● Exercise goal
Leave out the pictures, then return the records word for word.

== Segment start ==

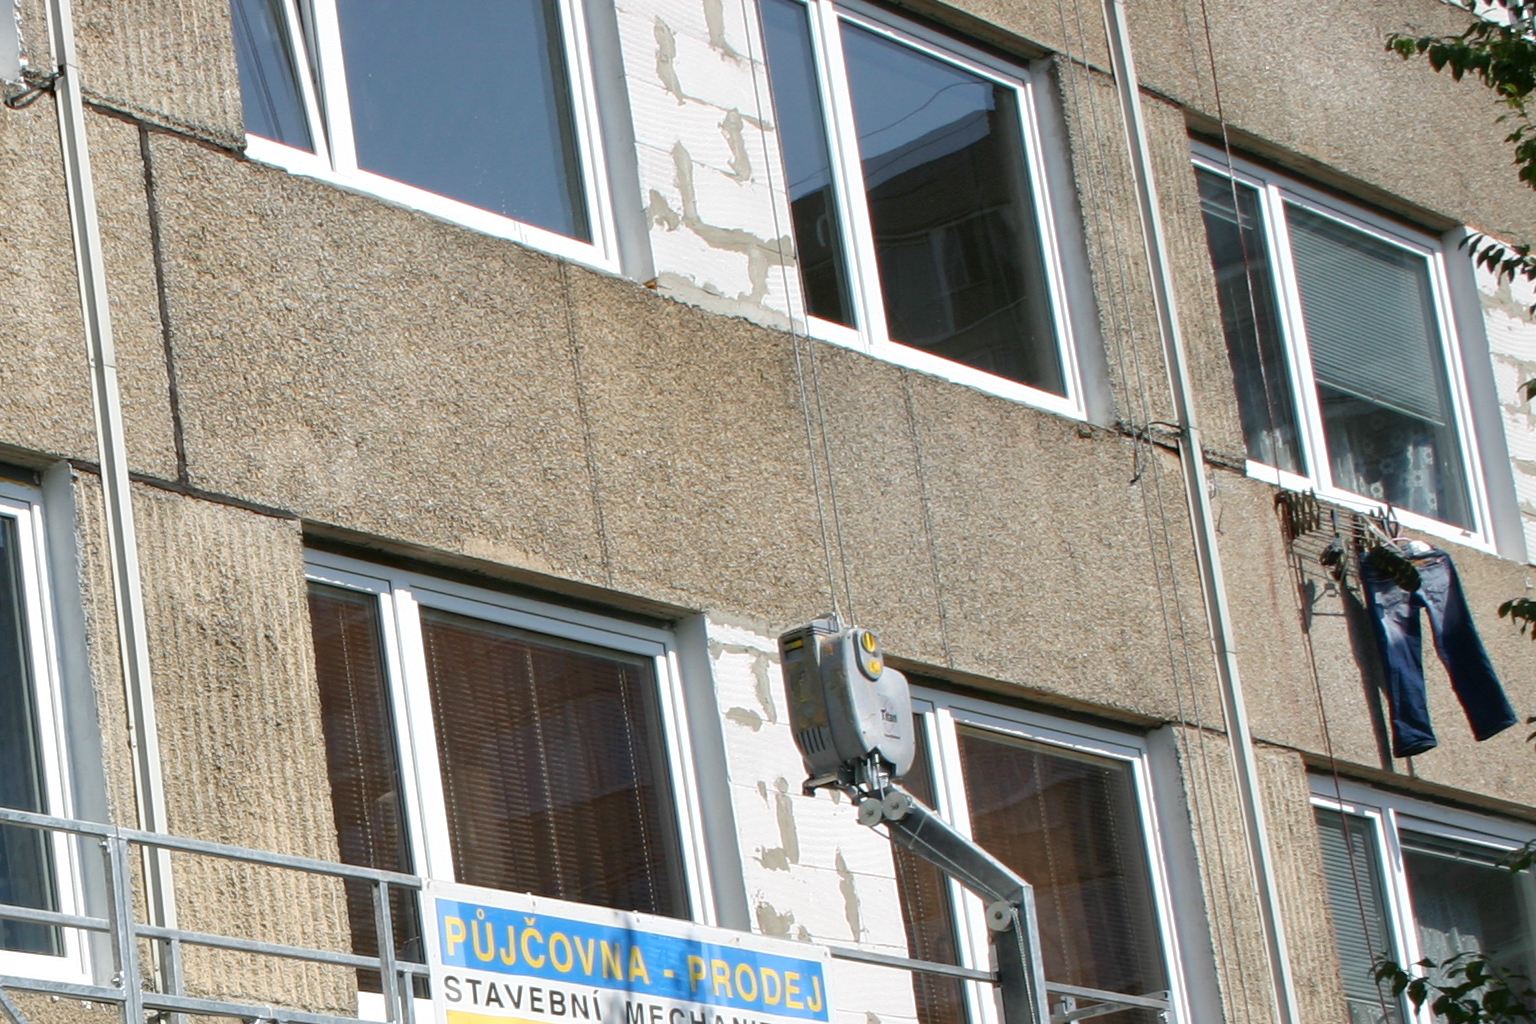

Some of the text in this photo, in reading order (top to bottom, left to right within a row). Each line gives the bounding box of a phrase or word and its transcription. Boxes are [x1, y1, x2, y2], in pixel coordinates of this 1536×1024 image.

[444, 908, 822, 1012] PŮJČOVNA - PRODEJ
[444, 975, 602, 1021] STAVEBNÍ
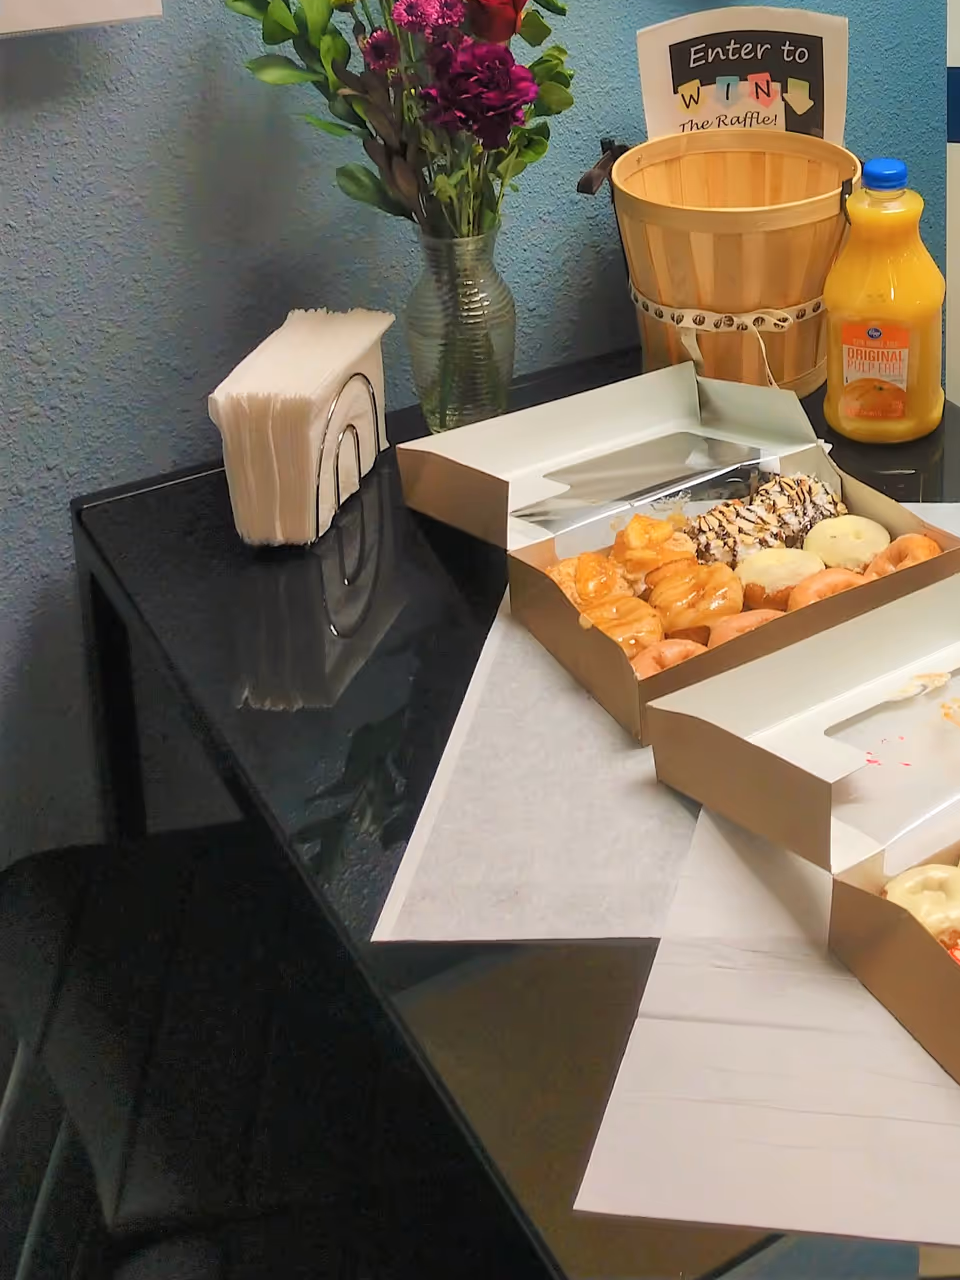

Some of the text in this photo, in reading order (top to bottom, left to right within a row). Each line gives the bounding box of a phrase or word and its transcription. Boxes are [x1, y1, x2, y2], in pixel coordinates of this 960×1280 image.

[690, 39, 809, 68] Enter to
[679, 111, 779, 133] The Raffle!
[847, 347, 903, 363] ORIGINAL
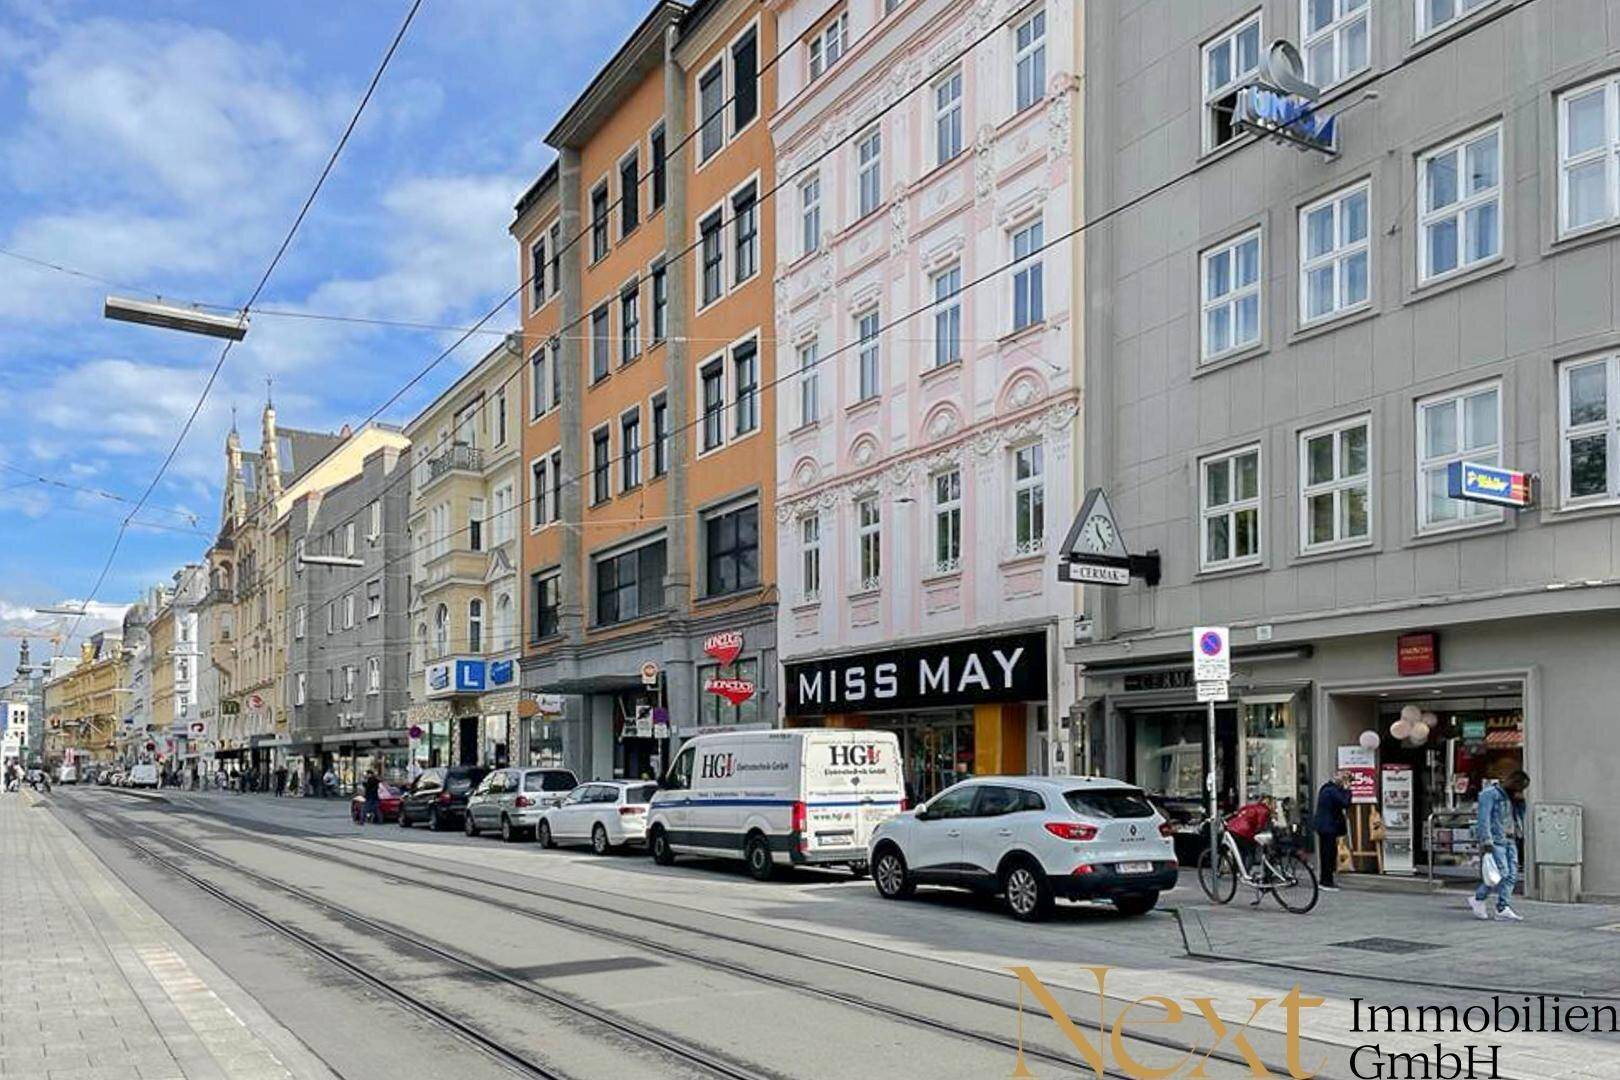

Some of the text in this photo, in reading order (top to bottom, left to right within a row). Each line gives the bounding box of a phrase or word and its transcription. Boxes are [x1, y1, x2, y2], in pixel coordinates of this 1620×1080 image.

== Segment end ==

● Answer to the exercise
Some of the text in this photo, in reading order (top to bottom, left to right within a row). Each line gives the bounding box of a phrase or word and its transcription. Boxes are [x1, y1, x2, y2], in pixel coordinates of this 1536×1024 image.

[444, 908, 822, 1012] PŮJČOVNA - PRODEJ
[444, 975, 602, 1021] STAVEBNÍ

Some of the text in this photo, in reading order (top to bottom, left to right within a row). Each line gives the bounding box of a phrase or word and its transcription. Boxes are [x1, y1, x2, y2], in pixel coordinates of this 960×1280 image.

[690, 39, 809, 68] Enter to
[679, 111, 779, 133] The Raffle!
[847, 347, 903, 363] ORIGINAL

Some of the text in this photo, in reading order (top to bottom, left to right within a row). Each line gives the bounding box of a phrase or word and its transcription. Boxes are [x1, y1, x2, y2], in pixel coordinates of this 1620×1080 image.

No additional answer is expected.